• **Problem details**: If an entry includes an image, drop the image and copy the rest verbatim.

Stored data entries:
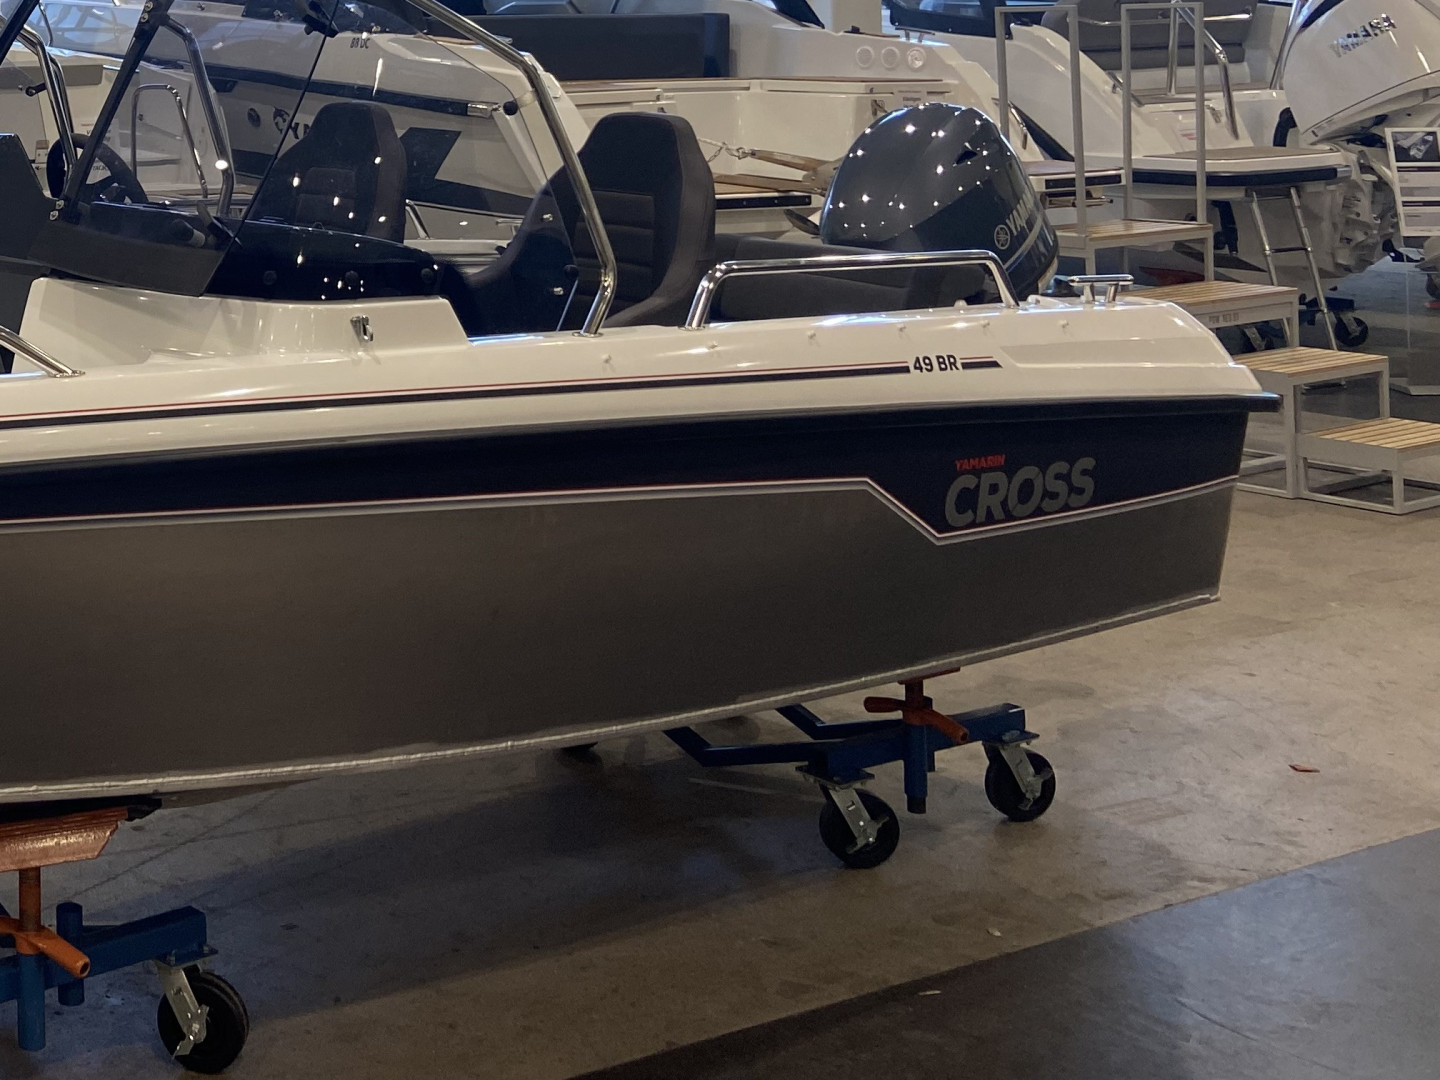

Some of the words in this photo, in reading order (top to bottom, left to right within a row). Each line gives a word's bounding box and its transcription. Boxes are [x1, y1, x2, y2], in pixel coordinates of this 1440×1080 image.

[1328, 12, 1398, 59] YAMAHA
[913, 356, 933, 373] 49
[936, 355, 960, 372] BR
[955, 454, 1006, 471] YAMARIN
[944, 456, 1097, 527] CROSS
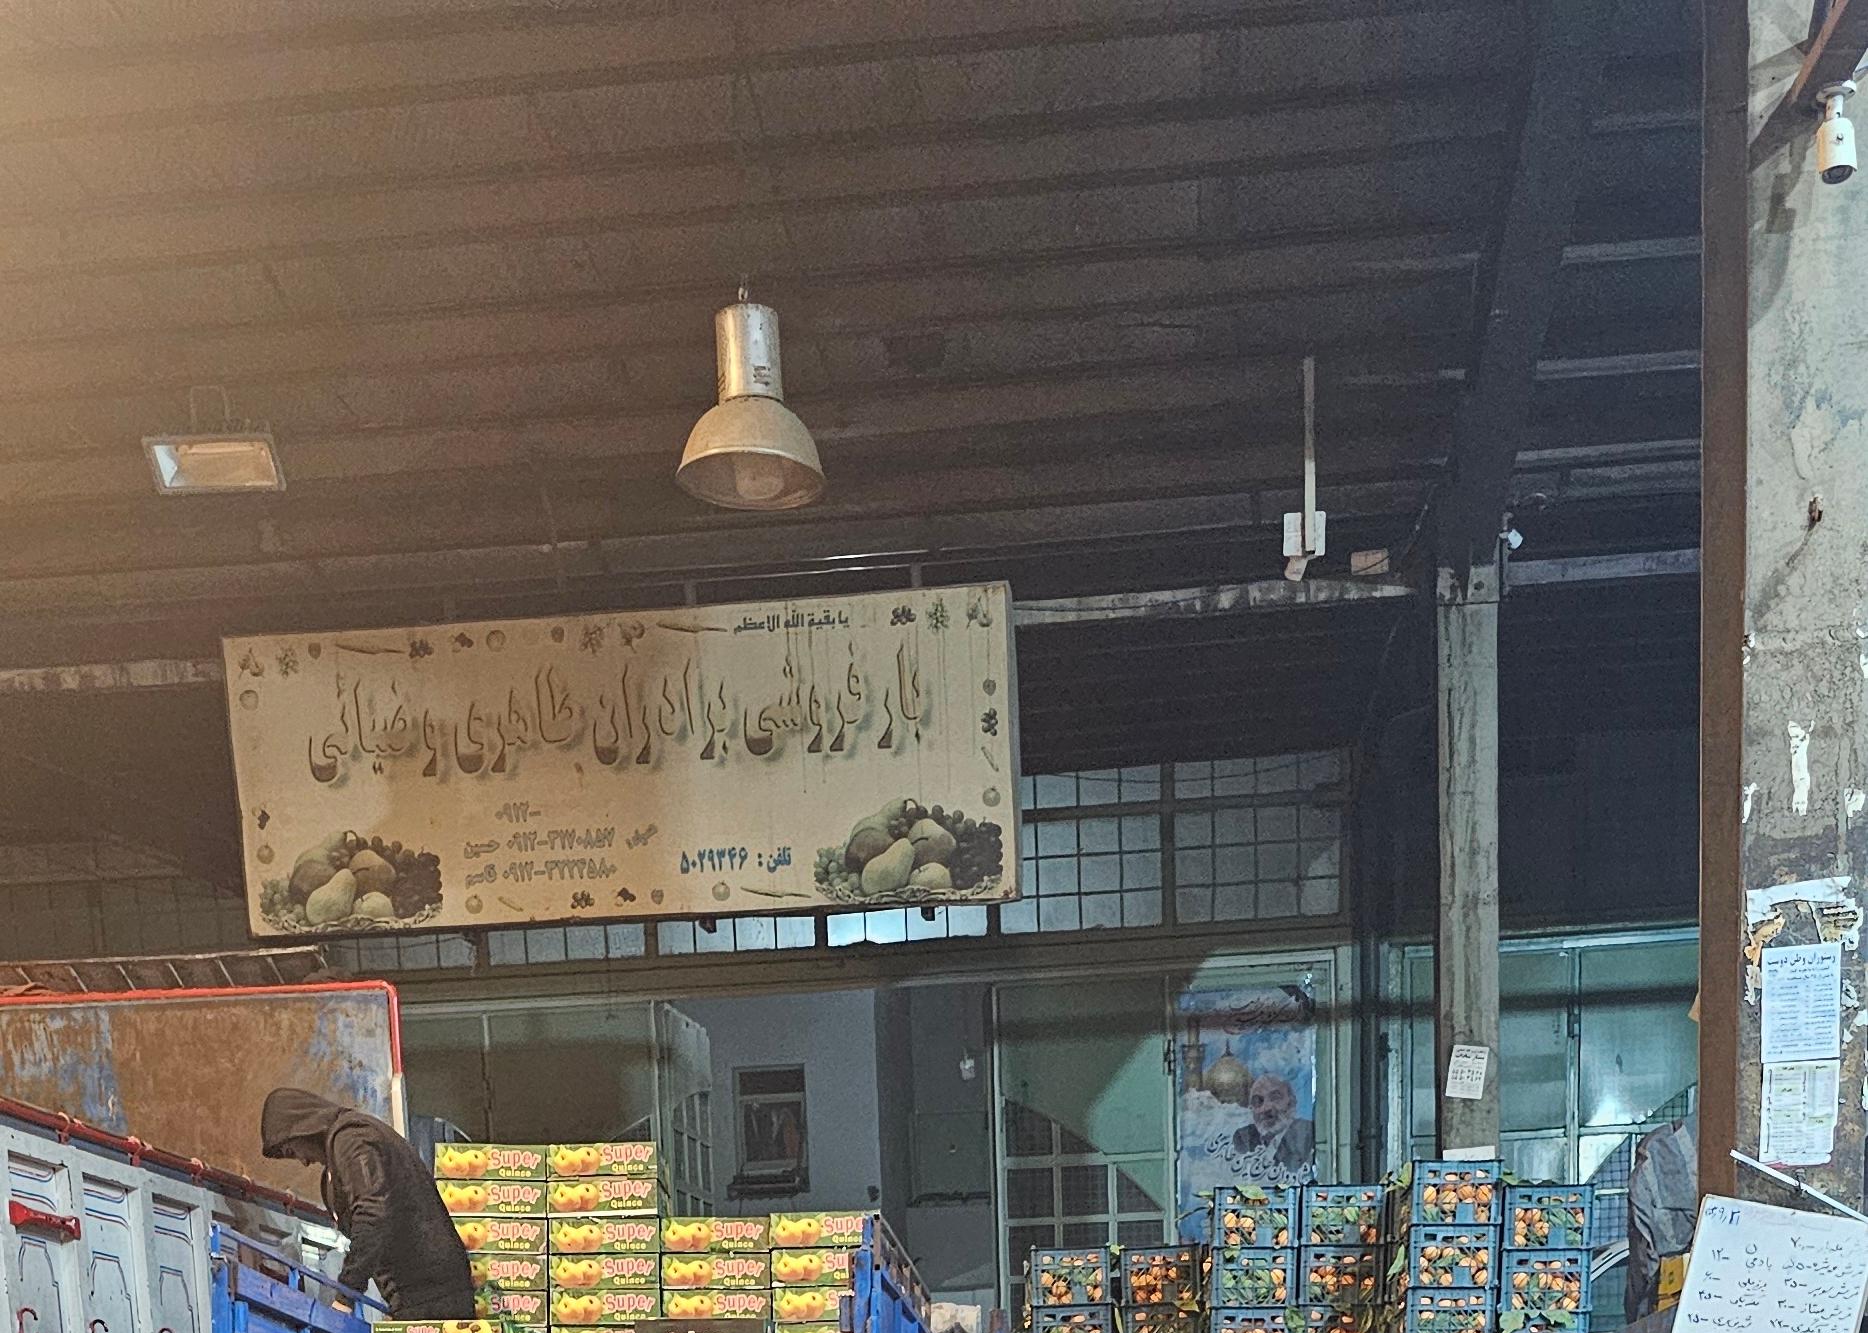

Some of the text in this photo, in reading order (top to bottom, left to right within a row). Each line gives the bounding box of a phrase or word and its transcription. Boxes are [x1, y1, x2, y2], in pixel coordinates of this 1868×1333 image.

[593, 655, 728, 766] برادران
[490, 1149, 541, 1170] Super
[602, 1144, 653, 1164] Super
[490, 1185, 541, 1205] Super
[601, 1180, 652, 1199] Super
[489, 1222, 541, 1242] Super
[605, 1223, 657, 1243] Super
[713, 1221, 764, 1241] Super
[824, 1216, 863, 1236] Supe
[489, 1260, 541, 1280] Super
[604, 1258, 656, 1278] Super
[714, 1258, 766, 1278] Super
[604, 1293, 656, 1313] Super
[715, 1293, 766, 1314] Super
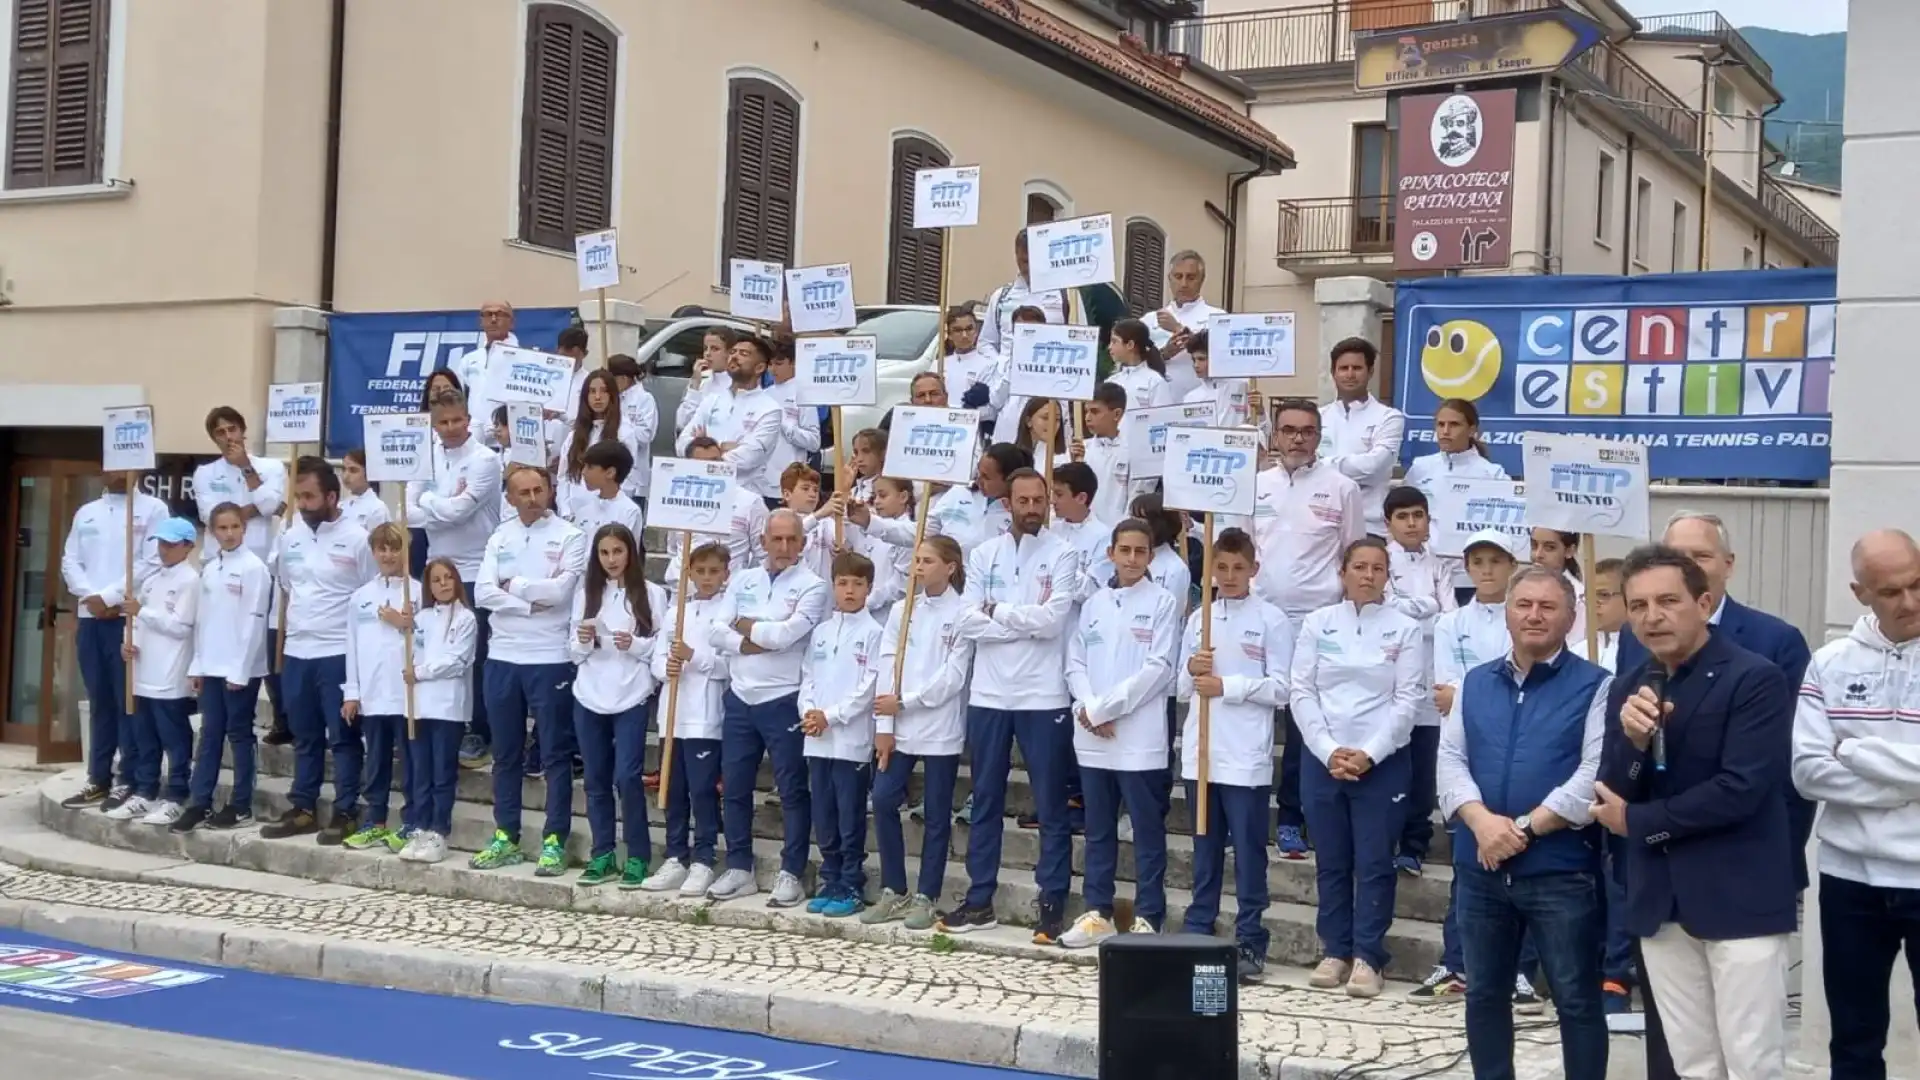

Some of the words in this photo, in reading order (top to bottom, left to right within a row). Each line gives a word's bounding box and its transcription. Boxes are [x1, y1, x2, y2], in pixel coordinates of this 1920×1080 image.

[930, 181, 972, 201] FITP
[1399, 171, 1510, 191] PINACOTECA
[1403, 191, 1504, 211] PATINIANA
[1048, 233, 1104, 260] FITP
[805, 301, 836, 311] VENETO
[1229, 328, 1286, 348] FITP
[1526, 309, 1836, 358] centr
[814, 353, 868, 374] FITP
[1031, 342, 1088, 365] FITP
[1017, 363, 1046, 373] VALLE
[812, 374, 858, 384] BOLZANO
[909, 424, 968, 448] FITP
[1673, 433, 1759, 447] TENNIS
[1761, 434, 1774, 445] e
[903, 446, 957, 458] PIEMONTE
[1186, 450, 1247, 475] FITP
[670, 476, 727, 499] FITP
[1192, 474, 1225, 487] LAZIO
[1551, 464, 1632, 494] FITP
[661, 496, 721, 510] LOMBARDIA
[1555, 491, 1613, 506] TRENTO
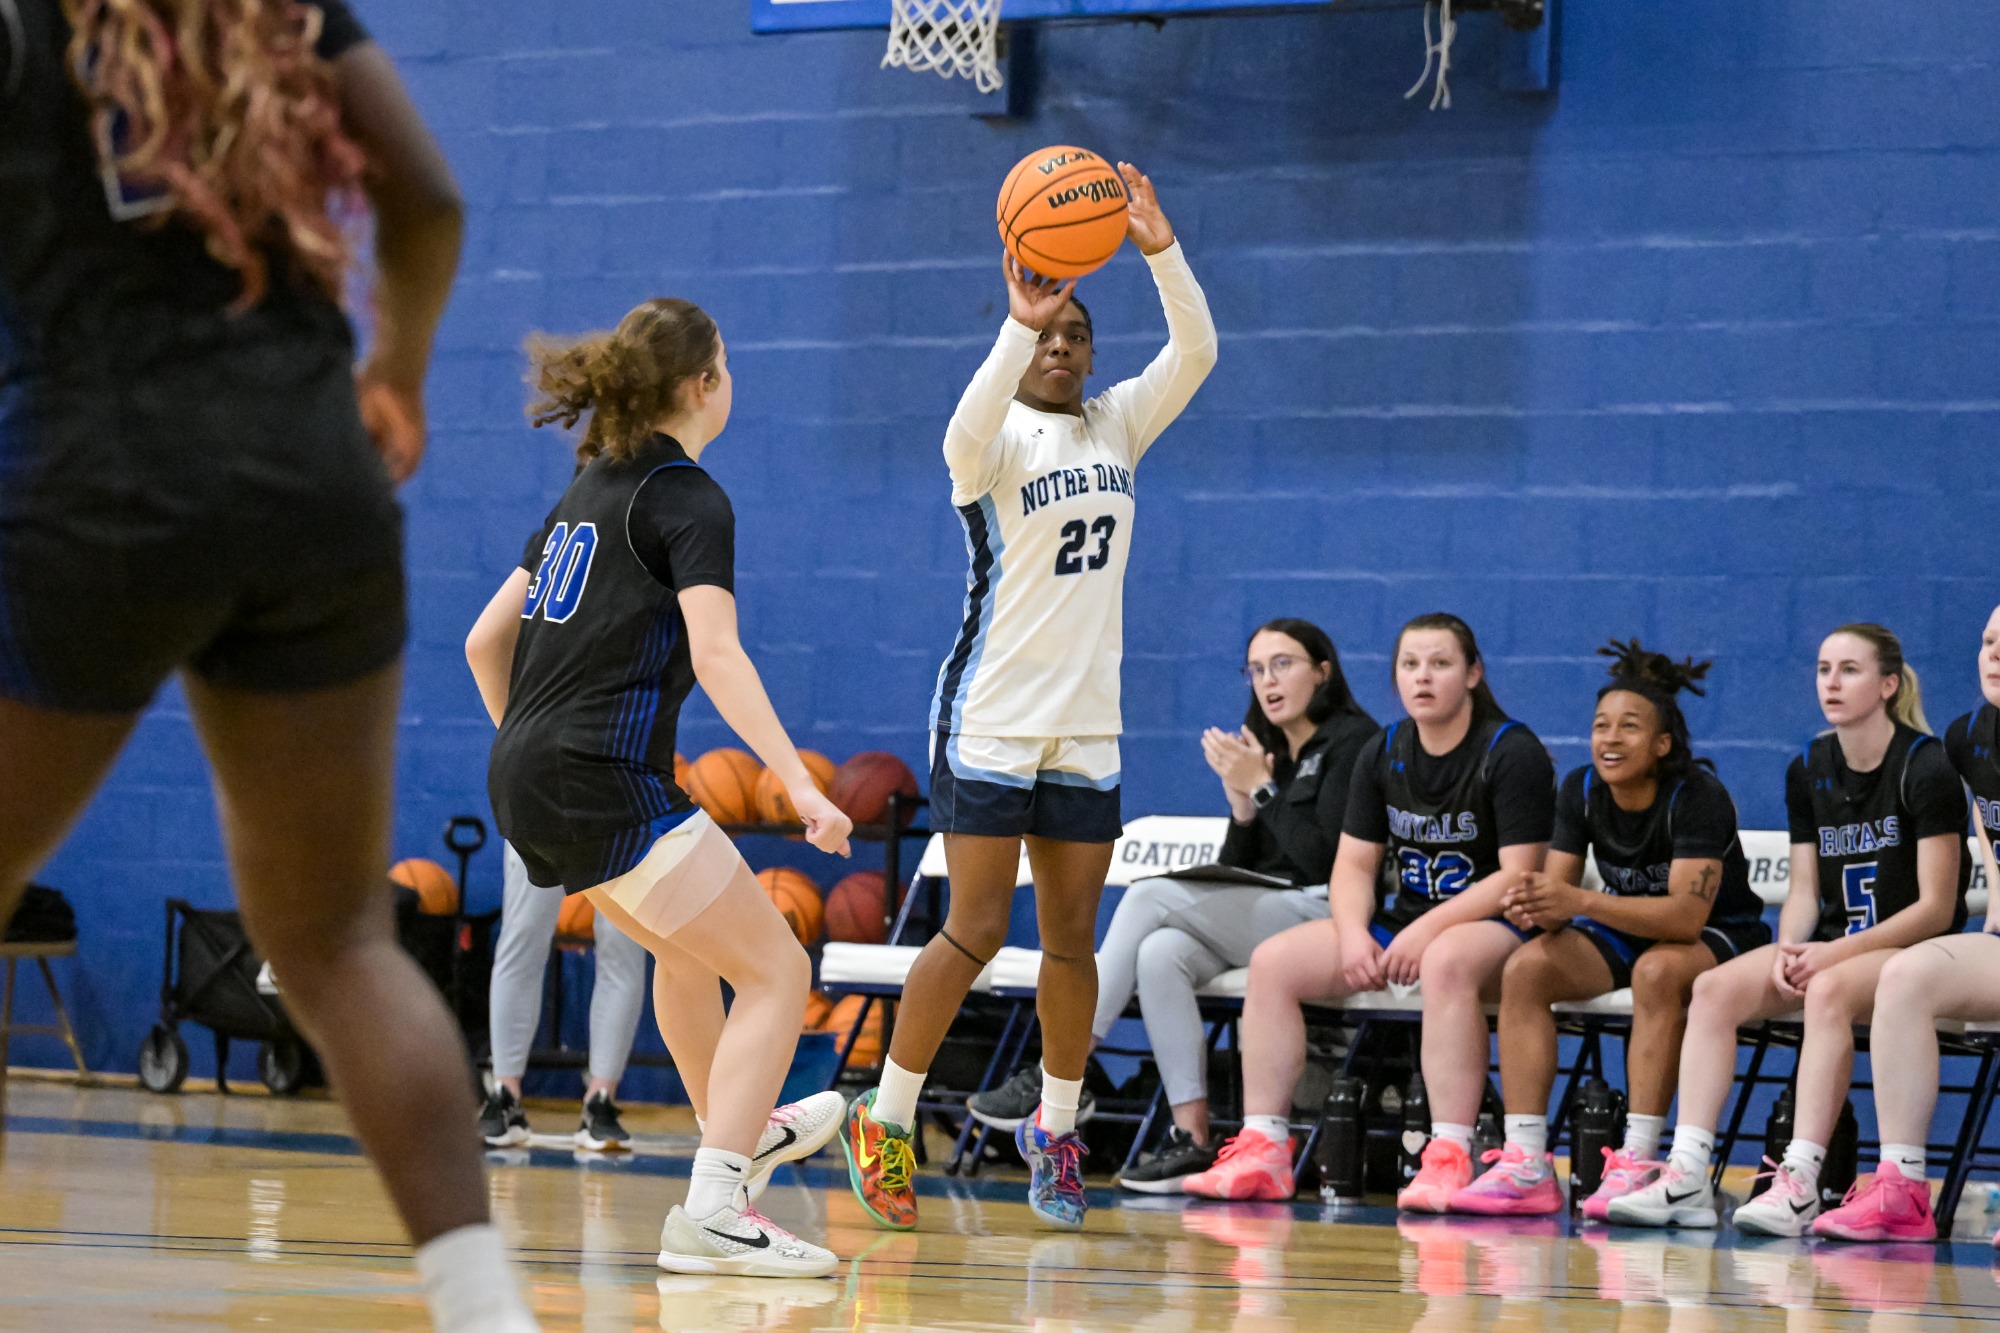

• **Task answer**:
Some of the words in this photo, in reading order (top to bottom, left to right within a row). Each line gives a word's bounding box and its transcription. Boxes are [x1, y1, x2, y2], in pixel coordinates of this 1440×1080 image.

[1328, 12, 1398, 59] YAMAHA
[913, 356, 933, 373] 49
[936, 355, 960, 372] BR
[955, 454, 1006, 471] YAMARIN
[944, 456, 1097, 527] CROSS

Some of the text in this photo, in reading order (top to bottom, left to right within a row). Each line gives the bounding box of a phrase or word and its transcription. Boxes are [x1, y1, x2, y2], in pixel coordinates of this 1868×1333 image.

[593, 655, 728, 766] برادران
[490, 1149, 541, 1170] Super
[602, 1144, 653, 1164] Super
[490, 1185, 541, 1205] Super
[601, 1180, 652, 1199] Super
[489, 1222, 541, 1242] Super
[605, 1223, 657, 1243] Super
[713, 1221, 764, 1241] Super
[824, 1216, 863, 1236] Supe
[489, 1260, 541, 1280] Super
[604, 1258, 656, 1278] Super
[714, 1258, 766, 1278] Super
[604, 1293, 656, 1313] Super
[715, 1293, 766, 1314] Super

Some of the words in this photo, in reading order (top to bottom, left to right within a row). Each line gives a word's bounding box and its transcription. Boxes are [x1, y1, x2, y2], in pixel coordinates of this 1920×1080 image.

[930, 181, 972, 201] FITP
[1399, 171, 1510, 191] PINACOTECA
[1403, 191, 1504, 211] PATINIANA
[1048, 233, 1104, 260] FITP
[805, 301, 836, 311] VENETO
[1229, 328, 1286, 348] FITP
[1526, 309, 1836, 358] centr
[814, 353, 868, 374] FITP
[1031, 342, 1088, 365] FITP
[1017, 363, 1046, 373] VALLE
[812, 374, 858, 384] BOLZANO
[909, 424, 968, 448] FITP
[1673, 433, 1759, 447] TENNIS
[1761, 434, 1774, 445] e
[903, 446, 957, 458] PIEMONTE
[1186, 450, 1247, 475] FITP
[670, 476, 727, 499] FITP
[1192, 474, 1225, 487] LAZIO
[1551, 464, 1632, 494] FITP
[661, 496, 721, 510] LOMBARDIA
[1555, 491, 1613, 506] TRENTO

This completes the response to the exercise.